Our fifth anniversary happened to fall during a very major depressive episode for me. Enda was 8 months old, my Mom had just finished her radiation after 6 rounds of chemo, Mat had only been home from school for a few weeks after having left me home with the kids for the better part of 2 months. It was not a beautiful season of my life. I am glad we had made a plan years before for how we would spend that anniversary. We had planned, 5 years earlier, that we would open our box, read the letters we had written to each other, and write new ones for our 10th anniversary. I don’t remember anything that Mat’s letter said. I have no idea what I wrote in my letter to be opened tonight but I am actually a little bit nervous about it.
Hopefully I put together words better than what I was feeling because what I was feeling was that I was done. Not done with our marriage but done with everything. I could not fathom another 5 years that looked like our first 5 years. I felt like I was the only member in our partnership. Was that the truth? Maybe a little bit, what was more true is that even after 5 years we still hadn’t figured out how to be partners. We had not yet figured out how to meet each other's needs, to complement each other's strengths, and strengthen each other's weaknesses.
Even though I am not excited for Mat to read the letter I wrote 5 years ago I am so excited to write a new one. Years 5-10 have been hard. In fact I feel pretty comfortable saying they were very hard. We doubled our kid count in one shot, we moved, lived through a global pandemic, started 2 businesses, and most significantly lost Mat’s Dad.
As I tell this part of our story I think it is important that you understand that for both Mat and I for the past 10 years our marriage has been our favourite part of our lives. Even when I felt like I was drowning or we were working through big, hard things, it was still our favourite part. For me the reason for that is because when things get hard Mat shows up, I don’t just mean he is physically present. He shows up with all of himself, every aspect of who he is shows up to work for our marriage. We both brought our lived experiences from our families of origin into our marriage with us. For both of us that meant good things, and some things that we wanted to do differently. The thing with doing things differently is you aren’t going to nail it right out of the gate, and let me tell you, we almost never do.
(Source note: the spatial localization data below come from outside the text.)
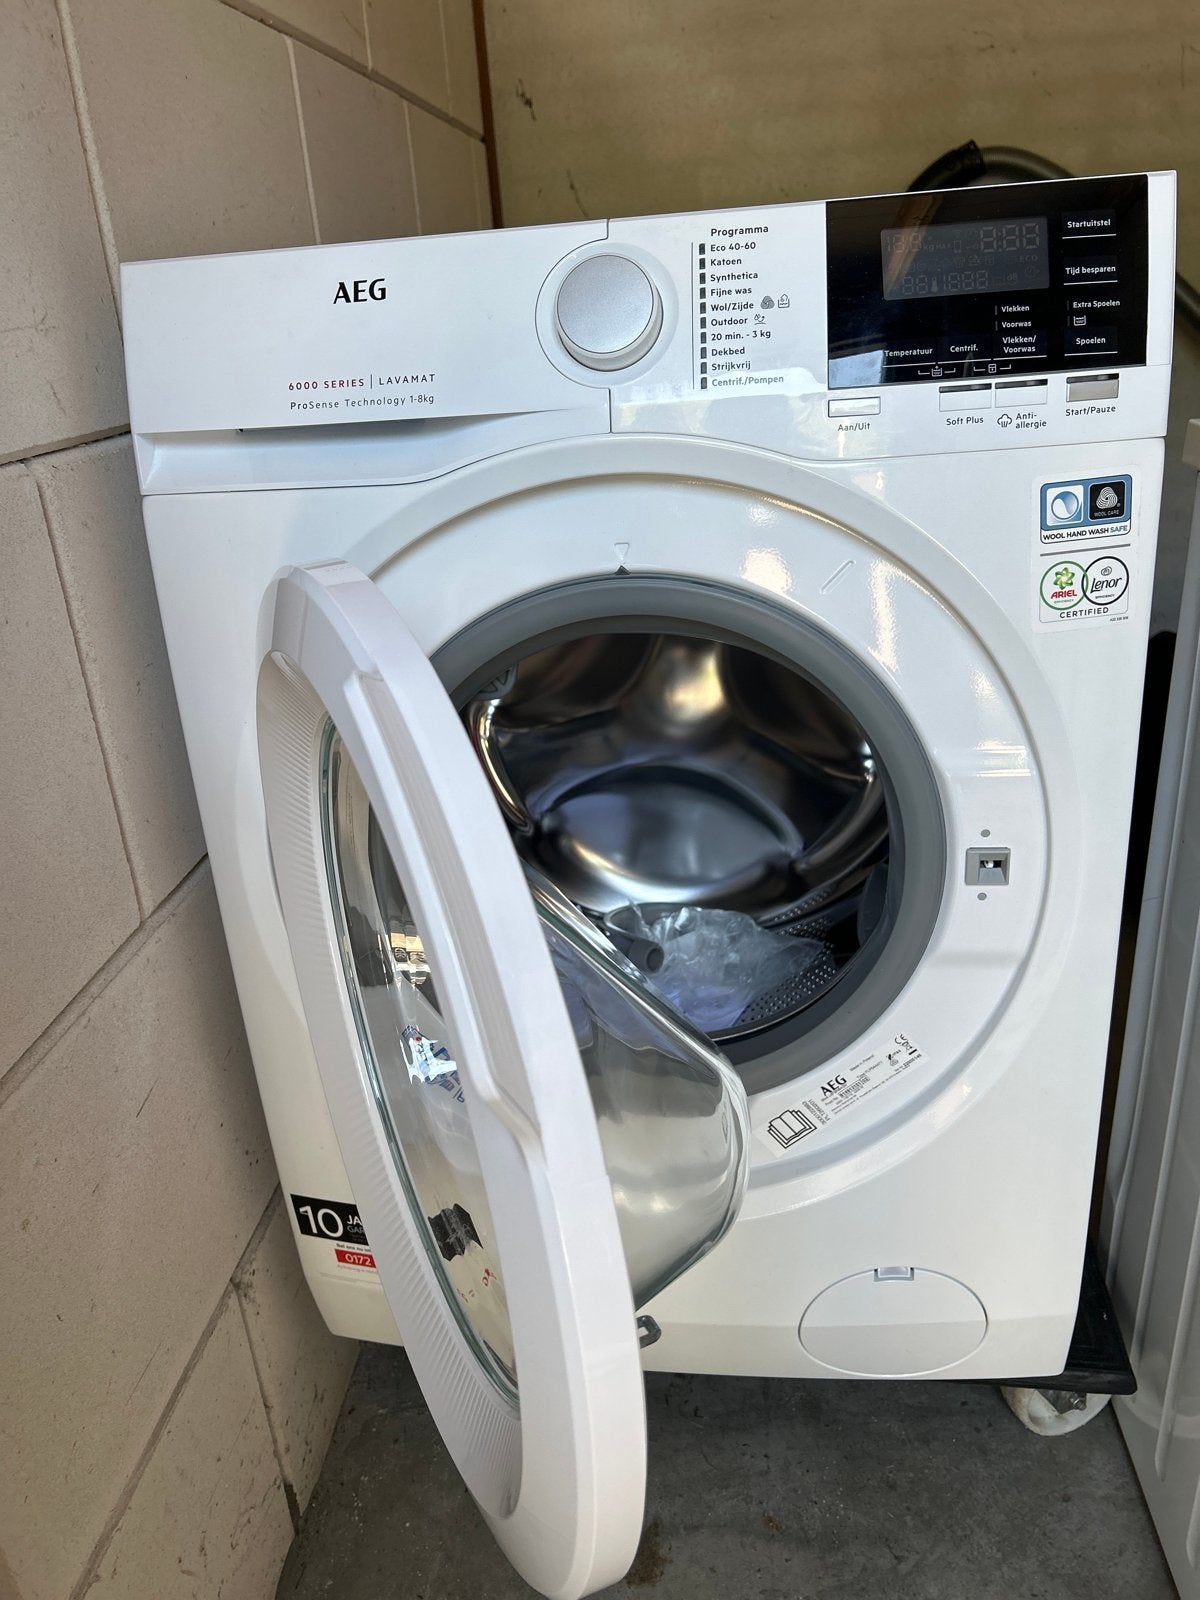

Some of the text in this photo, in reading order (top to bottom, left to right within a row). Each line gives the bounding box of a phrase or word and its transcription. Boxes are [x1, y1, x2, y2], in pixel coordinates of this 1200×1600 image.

[1067, 218, 1111, 228] Startuitstel
[710, 225, 769, 237] Programma
[710, 242, 756, 252] Eco 40-60
[710, 258, 742, 266] Katoen
[1065, 265, 1116, 276] Tijd besparen
[710, 272, 759, 283] Synthetica
[333, 278, 387, 304] AEG
[710, 287, 752, 297] Fijne was
[710, 302, 754, 312] Wol/Zijde
[1001, 304, 1030, 313] Vlekken
[1073, 299, 1121, 309] Extra Spoelen
[711, 317, 748, 327] Outdoor
[1001, 320, 1032, 329] Voorwas
[711, 333, 722, 341] 20
[724, 332, 744, 340] min.
[752, 331, 758, 339] 3
[760, 330, 771, 340] kg
[1002, 335, 1037, 344] Vlekken/
[1075, 336, 1106, 346] Spoelen
[711, 347, 746, 356] Dekbed
[884, 348, 933, 359] Temperatuur
[950, 344, 978, 353] Centrif.
[1003, 345, 1036, 354] Voorwas
[711, 361, 751, 371] Strijkvrij
[288, 374, 436, 391] 6000 SERIES LAVAMAT
[712, 375, 784, 387] Centrif./Pompen
[290, 394, 434, 410] ProSense Technology 1-8kg
[1065, 405, 1116, 417] Start/Pauze
[946, 415, 984, 425] Soft Plus
[1016, 412, 1037, 421] Anti-
[837, 423, 870, 432] Aan/Uit
[1015, 419, 1047, 430] allergie
[1043, 525, 1128, 541] WOOL HAND WASH SAFE
[1090, 577, 1122, 594] Lenor
[1051, 589, 1078, 600] ARIEL
[1060, 607, 1109, 619] CERTIFIED
[820, 1074, 847, 1097] AEG
[299, 1205, 344, 1238] 10
[345, 1254, 372, 1265] 0172
In November I reached a breaking point. Something had to change. I was back to teaching in a slightly less than ideal environment (yes, I am talking about the hallway classroom), I was solely responsible for getting our kids to and from childcare, and I carried the majority of the domestic labour and mental load for our family and home. Was Mat just bumming around living his best life? Absolutely not! He was working crazy hours almost everyday, he saw me struggling but when I told him what I needed it was like I was speaking a foreign language. From his experience he thought what he needed to do to fulfill his portion of our partnership was to provide for us. He knew there was more to it but he didn’t know what it was, or how to do it. From his lived experience working long is what he knew. The thing was I didn’t feel like that way of life was a partnership. I felt abandoned. I remember saying to Mat more than once “I didn’t have kids to raise them alone”. At the time I didn’t realize how hurtful that was but writing it now I feel the sting of my words. I was doing bedtime alone 5-6 times a week. Mat saw the kids on the days I worked for 20 minutes in the morning while he helped me get out the door. He was working for his business almost every Saturday and was working on the farm late at night and on Sundays. Everything that he was doing needed to be done. It was important and necessary work.
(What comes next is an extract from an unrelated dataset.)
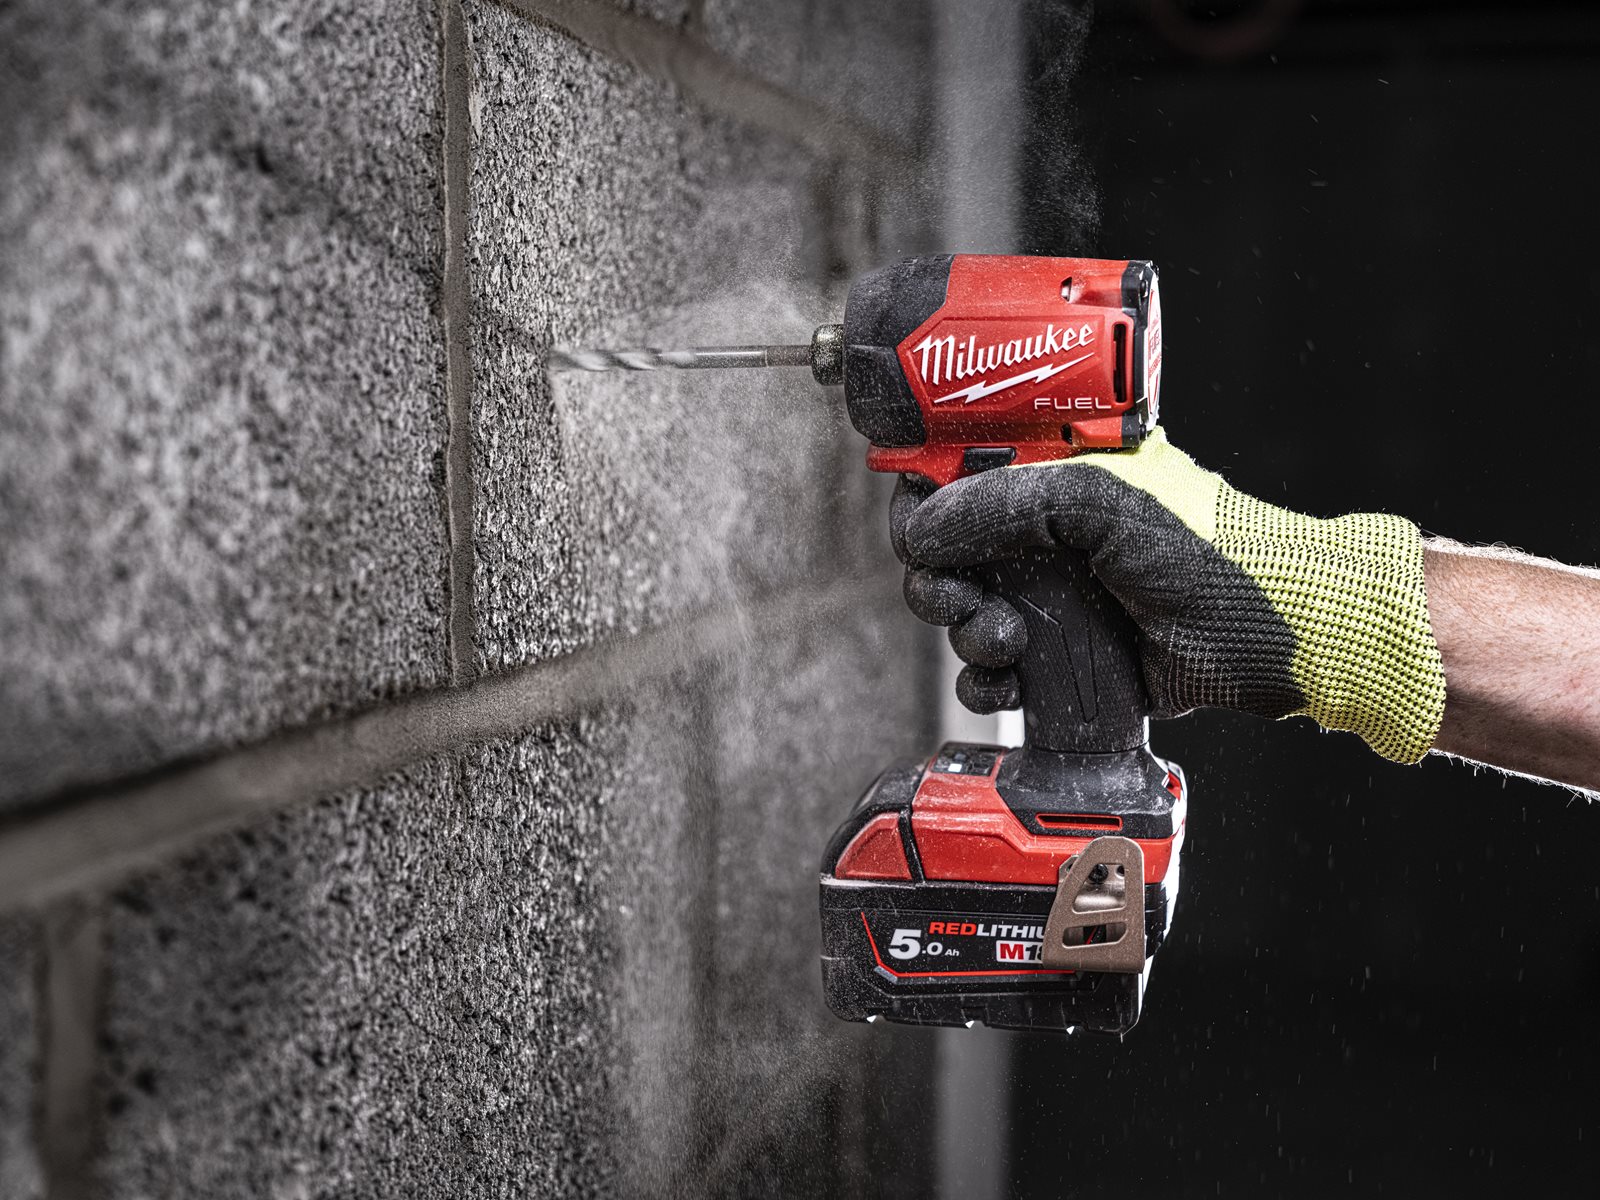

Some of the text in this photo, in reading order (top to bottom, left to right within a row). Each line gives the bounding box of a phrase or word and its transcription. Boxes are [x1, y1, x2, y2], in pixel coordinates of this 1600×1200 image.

[912, 324, 1095, 386] Milwaukee
[1034, 397, 1112, 410] FUEL
[928, 921, 1045, 939] REDLITHIU
[888, 929, 960, 960] 5.0 Ah
What it finally came down to, and where we were able to start growing from was that I didn’t have anyone to catch what I dropped. I didn’t have the option to drop anything. A great example of this is missing bedtime. It wasn’t uncommon for Mat to miss bedtime by just a little bit because he needed to wrap up a job or stop in the office to wrap up his day. I couldn’t not do bedtime, sometimes I could wait but I was never really certain when Mat would be home and waiting might just mean I am doing it alone but with over tired kids. Was he avoiding bedtime? Maybe sometimes, but he genuinely had important things he needed to do. The thing was that I also had important things I needed to do that had to get set aside to fulfill other responsibilities. Finishing a task, or wrapping up my day was a privilege I did not have. I considered finishing a job to be a privilege, not a given.
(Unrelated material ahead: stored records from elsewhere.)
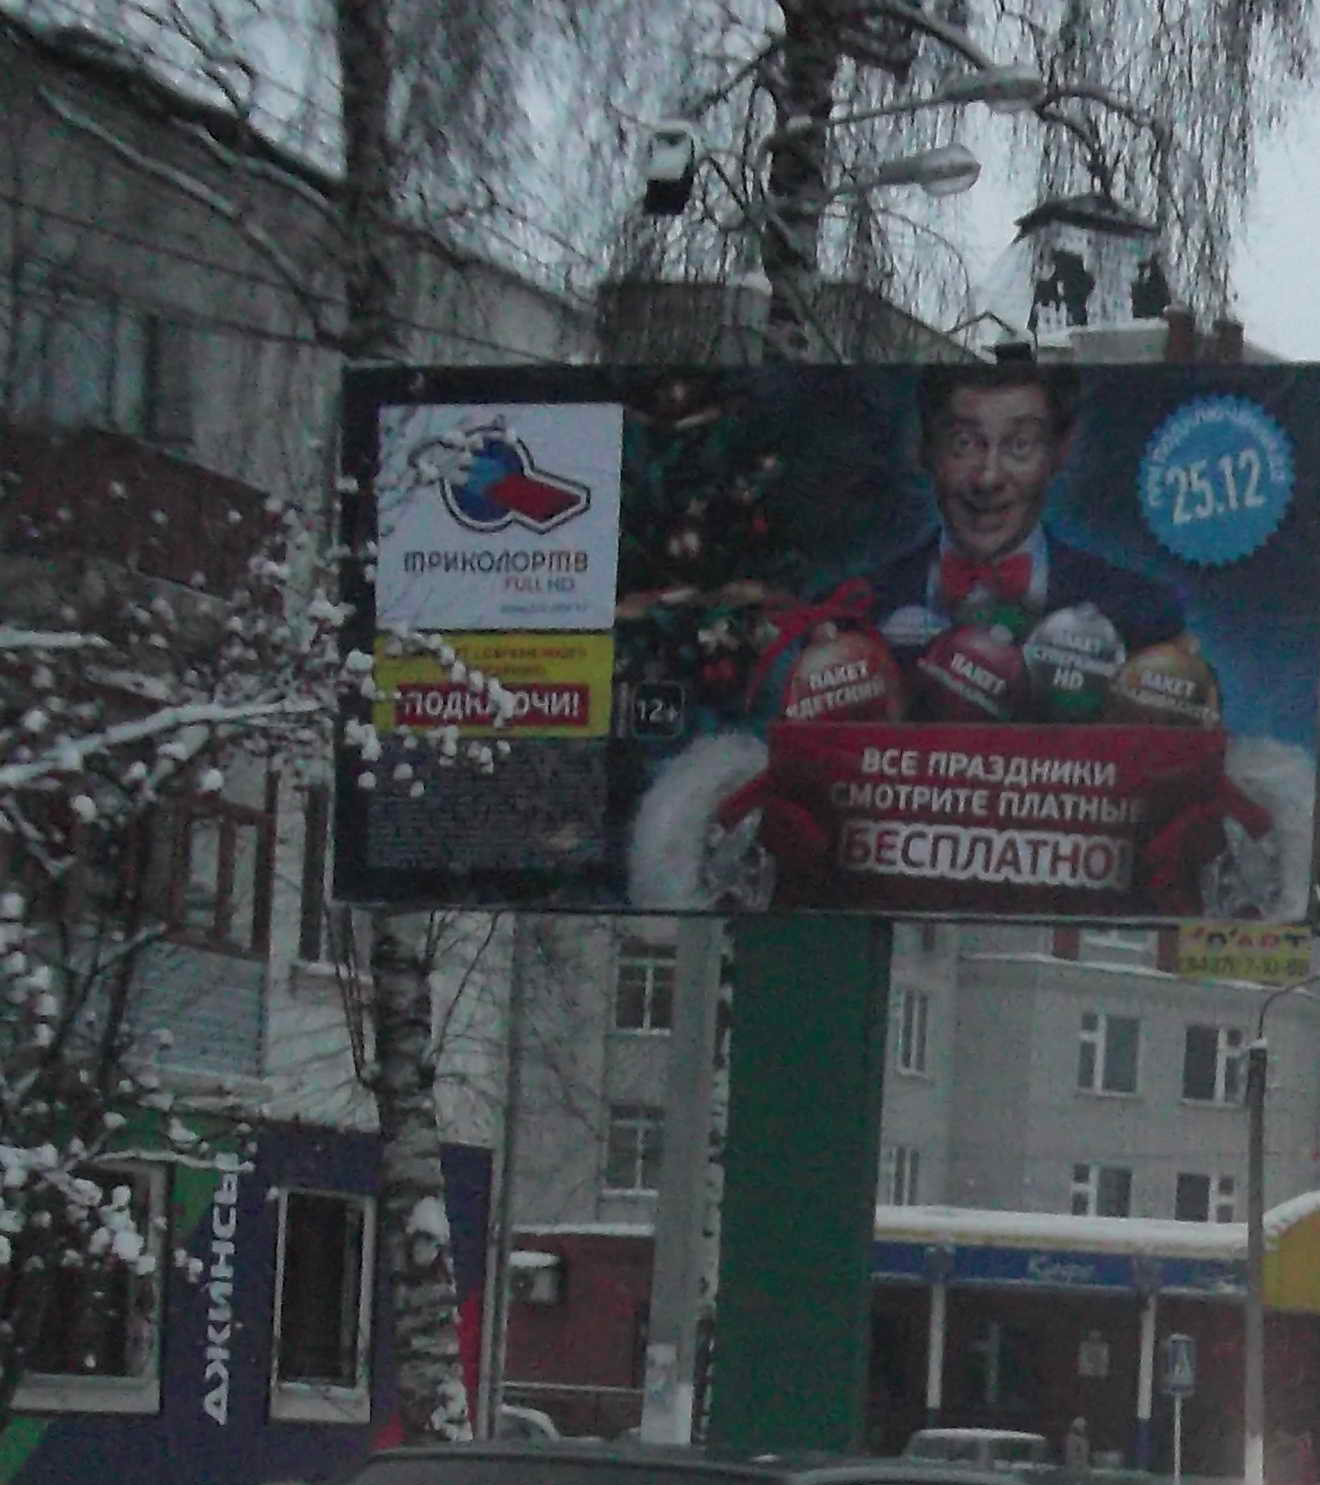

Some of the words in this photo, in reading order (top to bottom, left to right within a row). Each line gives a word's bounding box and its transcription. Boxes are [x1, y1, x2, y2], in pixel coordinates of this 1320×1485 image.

[1165, 448, 1267, 525] 25.12
[505, 576, 542, 592] FULL
[547, 577, 576, 593] HD
[809, 659, 868, 691] ПАКЕТ
[1053, 667, 1085, 690] HD
[861, 746, 919, 776] ВСЕ
[928, 750, 1117, 788] ПРАЗДНИКИ
[831, 781, 990, 817] СМОТРИТЕ
[998, 790, 1145, 824] ПЛАТНЫЕ
[846, 824, 1133, 884] БЕСПЛАТНО!
When someone pooped, I couldn’t not change them. When someone was hungry, I couldn't not feed them. If I wasn’t done with my work, I couldn’t not pick up the kids. If someone didn’t do the dishes, I couldn’t just not make dinner. The real catalyst for change was when I reached my absolute limit with Natural Family Planning. The weight of a potential error was too heavy for me to carry alone for any longer. I asked Mat to help and he couldn't because despite us using this method for over 5 years he never had to learn it. I just did it, because at the time that is what made the most sense for our family. The problem with that is that I couldn’t just stop doing it. Not sharing the weight of that very significant part of our marriage was a privilege that I didn’t realize Mat had. He didn’t realize it either.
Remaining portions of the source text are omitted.